Hola todos y todas, les comento: tengo la definición de este término en inglés, pero no logro encontrar el término técnico adecuado en español. ¿Me ayudan?

Esta es la definición del European Enviromental Agency en su sitio web:



> Feed-in tariff: the price per unit of electricity that a utility or supplier has to pay for renewable electricity from private generators. The government regulates the tariff rate.


Muchas gracias!


----------



## frida-nc

Algunos términos usados en internet:

-Tarifas de introducción de energía renovable a la red eléctrica
-Tarifas incentivantes [para energía renovable]
-Precios primados de inyección de electricidad en la red
-Tarifa por unidad
-Tarifa remuneratoria a los productores de E-FER por cada KWh generado.


----------



## Chilenita

Muchas gracias!!  Es justamente lo que andaba buscando.


----------



## glpouso

Hola, 

Estoy intentando de traducir un articulo en concentradores solares. En uno de los párrafos me aparece la expresión: feed - in tariffs. No entiendo lo que me quiere decir. Habra alguien que pueda ayudarme???

Contexto: 

In Europe, incentive programs governments simply agree to pay a premium rate for solar electrcity that is delivered to the grid. 

Gracias de antemano.

G


----------



## glpouso

Muchas gracias por su bienvenida. 

Ya he encontrado el término que necesitaba, tendre que ver como lo aplico al contexto técnico. 

Un saludo

Gerardo L. Pouso


----------



## diplomat

Measures such as the introduction of feed- in tariffs and stamp duty rebates are the kind of policies which will provide...

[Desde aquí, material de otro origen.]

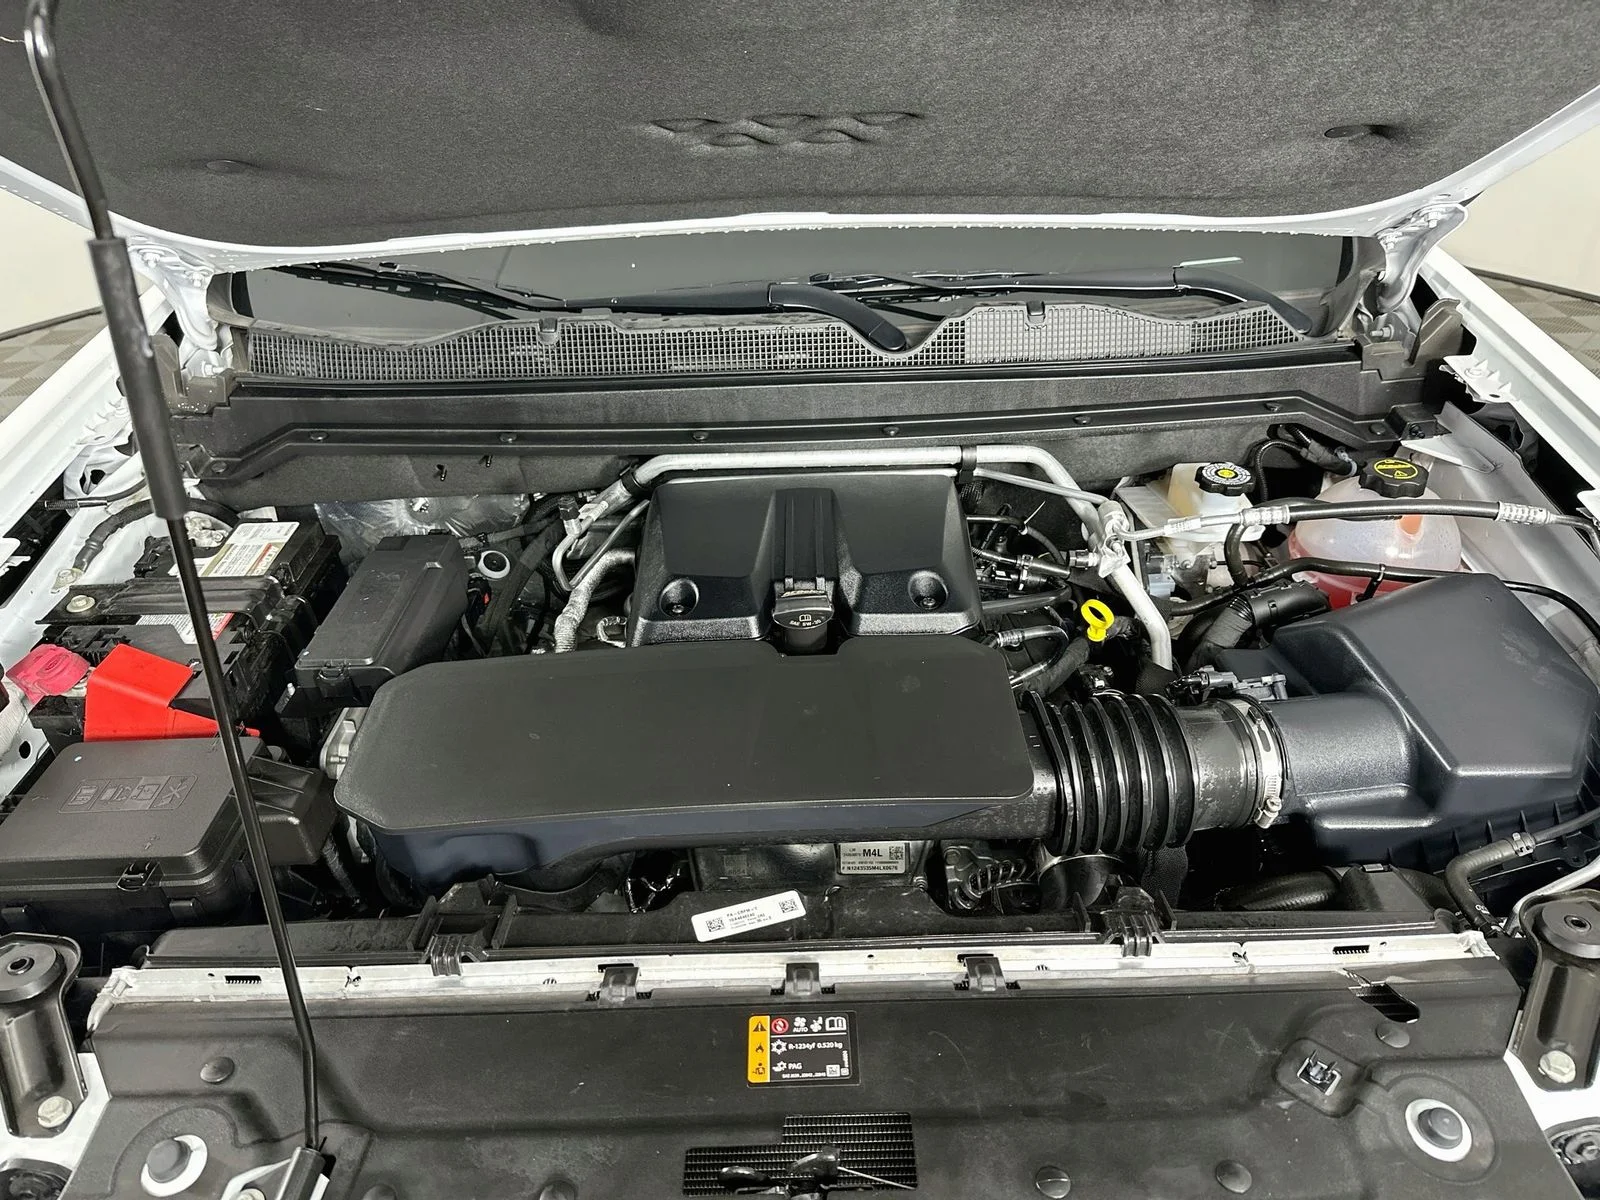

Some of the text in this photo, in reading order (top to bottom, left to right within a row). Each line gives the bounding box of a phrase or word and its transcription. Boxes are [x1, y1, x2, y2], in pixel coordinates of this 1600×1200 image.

[862, 848, 883, 857] M4L
[788, 1042, 816, 1050] R-1234yf
[788, 1062, 803, 1070] PAG

The definition of a feed in tariff is paying customers to produce their own electricity from green energy sources.  Does anyone have an idea what the spanish equilavent is, or a link to a glossary where i might find the information?

Also for stamp duty rebates, can you say devoluciones del impuesto de timbres or is there a different technical term?

many thanks


----------



## Fredys

Hi
Maybe "subsidio" can be used:

subsidio m allowance, benefit
     subsidio agrario, agricultural financial assistance, US unemployment compensation
     subsidio de desempleo, unemployment benefit

Regards


----------



## diplomat

thanks for the suggestion Fredys.  Am not quite sure that subsidio fully encaptures what a feed- in tariff is.  Then again it is a posibility that there is no specific name for them in the spanish speaking world, so they may well be known as.. un subsidio producir energía de recursos verdes... o algo así.
thanks again.


----------



## diplomat

thanks, the exact translation is as you posted before:
Tarifas de introducción de energía renovable a la red eléctrica 
It's stated on the website of the ASOCIACIÓN DE PRODUCTORES DE ENERGÍAS RENOVABLES.
you're a lifesaver.


----------



## train99

“Tarifas de alimentación”.
Se refiere a las tarifas que se aplican a los KWh  de energía renovable  “producidos”: de allí lo de “feed-in tariff”. Es un incentivo que los Gobiernos utilizan para estimular la inversión de privados en y el uso de energía renovables.
                                                         Regards


----------